Reproduce the records below in their entirety, exactly as shown.
### Supplied information ###
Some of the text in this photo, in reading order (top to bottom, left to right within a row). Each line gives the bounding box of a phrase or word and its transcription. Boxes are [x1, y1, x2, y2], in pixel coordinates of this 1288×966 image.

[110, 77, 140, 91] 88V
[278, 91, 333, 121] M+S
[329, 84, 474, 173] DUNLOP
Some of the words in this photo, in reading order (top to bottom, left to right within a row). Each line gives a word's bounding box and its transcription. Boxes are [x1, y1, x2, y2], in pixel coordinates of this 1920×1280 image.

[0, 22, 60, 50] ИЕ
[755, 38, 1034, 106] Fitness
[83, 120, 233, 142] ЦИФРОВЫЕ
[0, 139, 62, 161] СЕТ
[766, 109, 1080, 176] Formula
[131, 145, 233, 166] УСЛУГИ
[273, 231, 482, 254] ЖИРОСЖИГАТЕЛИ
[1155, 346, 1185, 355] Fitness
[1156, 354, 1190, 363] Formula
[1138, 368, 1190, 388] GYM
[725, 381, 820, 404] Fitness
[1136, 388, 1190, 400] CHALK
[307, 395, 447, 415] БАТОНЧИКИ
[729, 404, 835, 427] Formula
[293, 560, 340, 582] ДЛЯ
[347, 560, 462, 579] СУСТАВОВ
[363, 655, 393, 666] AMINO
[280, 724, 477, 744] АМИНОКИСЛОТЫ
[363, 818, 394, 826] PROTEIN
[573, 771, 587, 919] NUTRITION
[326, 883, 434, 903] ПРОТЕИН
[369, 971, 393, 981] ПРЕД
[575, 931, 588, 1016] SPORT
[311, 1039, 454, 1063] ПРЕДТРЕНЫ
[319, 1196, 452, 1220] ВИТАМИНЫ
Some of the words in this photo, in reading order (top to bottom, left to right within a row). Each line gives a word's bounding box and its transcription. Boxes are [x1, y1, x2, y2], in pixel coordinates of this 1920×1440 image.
###
Output of the task:
Some of the text in this photo, in reading order (top to bottom, left to right within a row). Each line gives the bounding box of a phrase or word and its transcription. Boxes are [x1, y1, x2, y2], in pixel coordinates of this 1288×966 image.

[110, 77, 140, 91] 88V
[278, 91, 333, 121] M+S
[329, 84, 474, 173] DUNLOP
Some of the words in this photo, in reading order (top to bottom, left to right within a row). Each line gives a word's bounding box and its transcription. Boxes are [x1, y1, x2, y2], in pixel coordinates of this 1920×1280 image.

[0, 22, 60, 50] ИЕ
[755, 38, 1034, 106] Fitness
[83, 120, 233, 142] ЦИФРОВЫЕ
[0, 139, 62, 161] СЕТ
[766, 109, 1080, 176] Formula
[131, 145, 233, 166] УСЛУГИ
[273, 231, 482, 254] ЖИРОСЖИГАТЕЛИ
[1155, 346, 1185, 355] Fitness
[1156, 354, 1190, 363] Formula
[1138, 368, 1190, 388] GYM
[725, 381, 820, 404] Fitness
[1136, 388, 1190, 400] CHALK
[307, 395, 447, 415] БАТОНЧИКИ
[729, 404, 835, 427] Formula
[293, 560, 340, 582] ДЛЯ
[347, 560, 462, 579] СУСТАВОВ
[363, 655, 393, 666] AMINO
[280, 724, 477, 744] АМИНОКИСЛОТЫ
[363, 818, 394, 826] PROTEIN
[573, 771, 587, 919] NUTRITION
[326, 883, 434, 903] ПРОТЕИН
[369, 971, 393, 981] ПРЕД
[575, 931, 588, 1016] SPORT
[311, 1039, 454, 1063] ПРЕДТРЕНЫ
[319, 1196, 452, 1220] ВИТАМИНЫ
Some of the words in this photo, in reading order (top to bottom, left to right within a row). Each line gives a word's bounding box and its transcription. Boxes are [x1, y1, x2, y2], in pixel coordinates of this 1920×1440 image.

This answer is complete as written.